Friday, September 08, 2006

A Distant Barking

The title of my blog was a title proposed by my father. He, along with my mother, urged me to write my college thesis on the afterlife of animals. In hindsight, it could not have gone any worse than my attempt to prove that mercy is the greatest of the human virtues.

Do dogs go to heaven? This was the question that the unwritten thesis was intended to answer. I think that much of the dispute comes from the vagueness of "go to heaven." I don't think that the expression is necessarily vague in itself; I think that people have vague notions of heaven, life, and death.

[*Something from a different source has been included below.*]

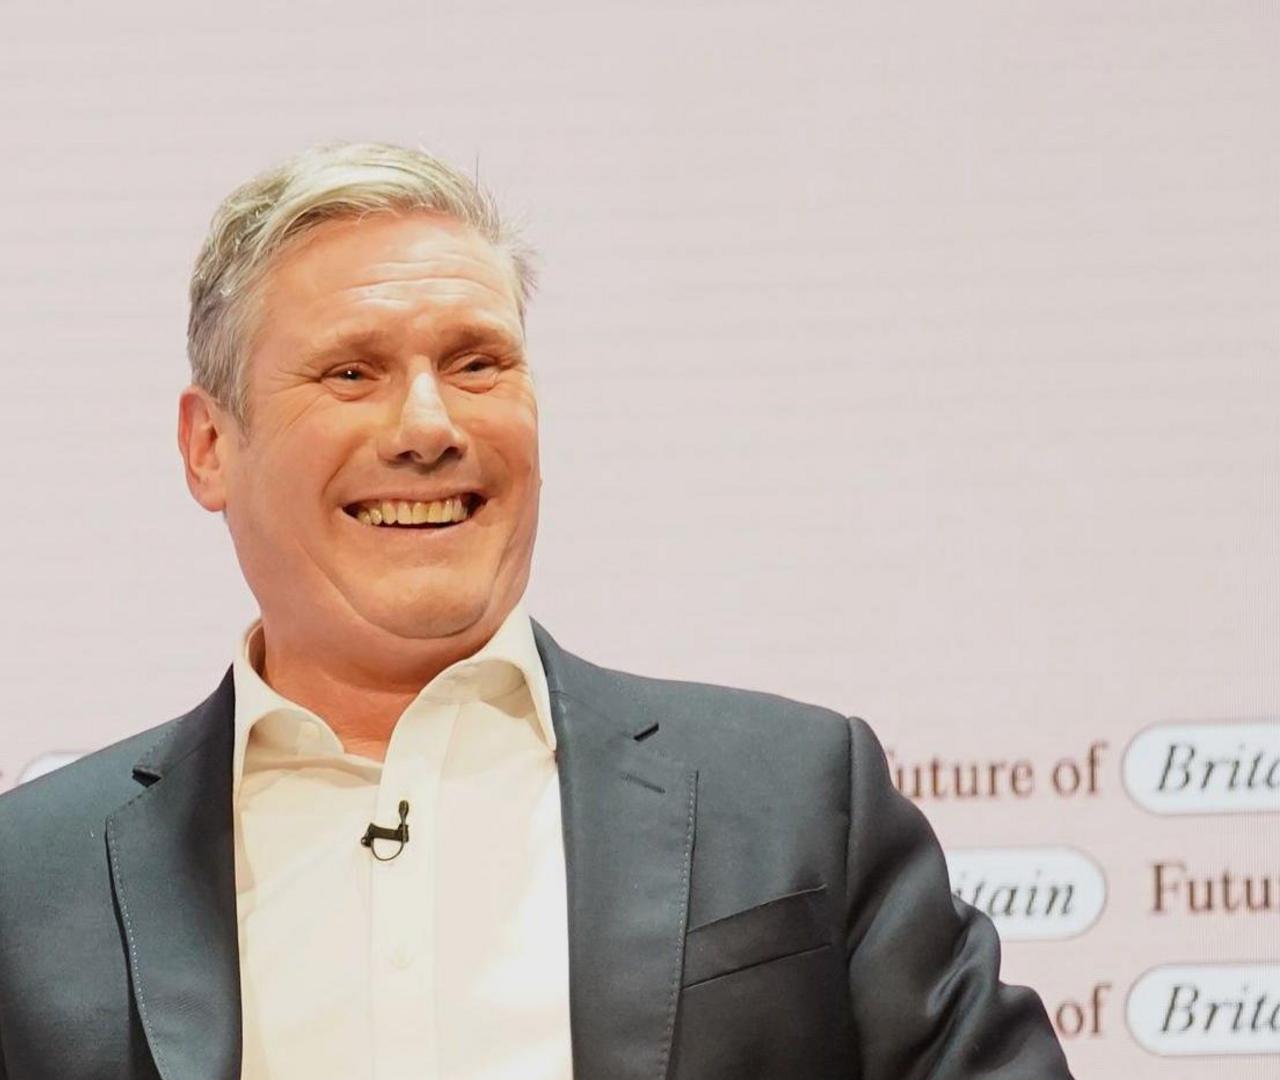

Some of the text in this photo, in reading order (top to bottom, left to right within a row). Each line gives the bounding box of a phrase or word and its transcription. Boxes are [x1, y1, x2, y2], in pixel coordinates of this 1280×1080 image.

[889, 740, 1280, 799] uture of Brit
[1150, 861, 1275, 916] Futu
[1054, 983, 1280, 1037] of Brit

If only people understood matter, form, and the agent intellect. Most people, though, are as unaware of these things as Stella and Tiny are ignorant of the nature of a camera.



Tiny will never understand the nature of a camera or the nature of anything for that matter. Stella, though, will come to know the difference between cameras, pencils, and crayons. Tiny would nibble them indiscriminately.

Many live indiscriminately. Worse, many live with false distinctions. To sunder things that have their own integrity is a brutal act. Many men are no better than the brutes. What place do brutes have in heaven?

The human form can become brutish and therefore monstrous. I hold, though, that the form of brutes, Tiny's nature, has a place in the new heaven and new earth. So does Stella, though in a different way and for different reasons. Such is my faith and understanding.

3 comments:

Hansonius said...

You probably won't like John Milton (author of Paradise Lost) very much, either. He's about 100 times worse than Paul.

Anonymous said...

Aw... Tiny Heaven! Heaven wouldn't be heaven without happy dogs running around. Well, that's what I think, at least.

Anonymous said...

And by the way, such avant garde parenting ^_^. The baby-puppy method looks quite good.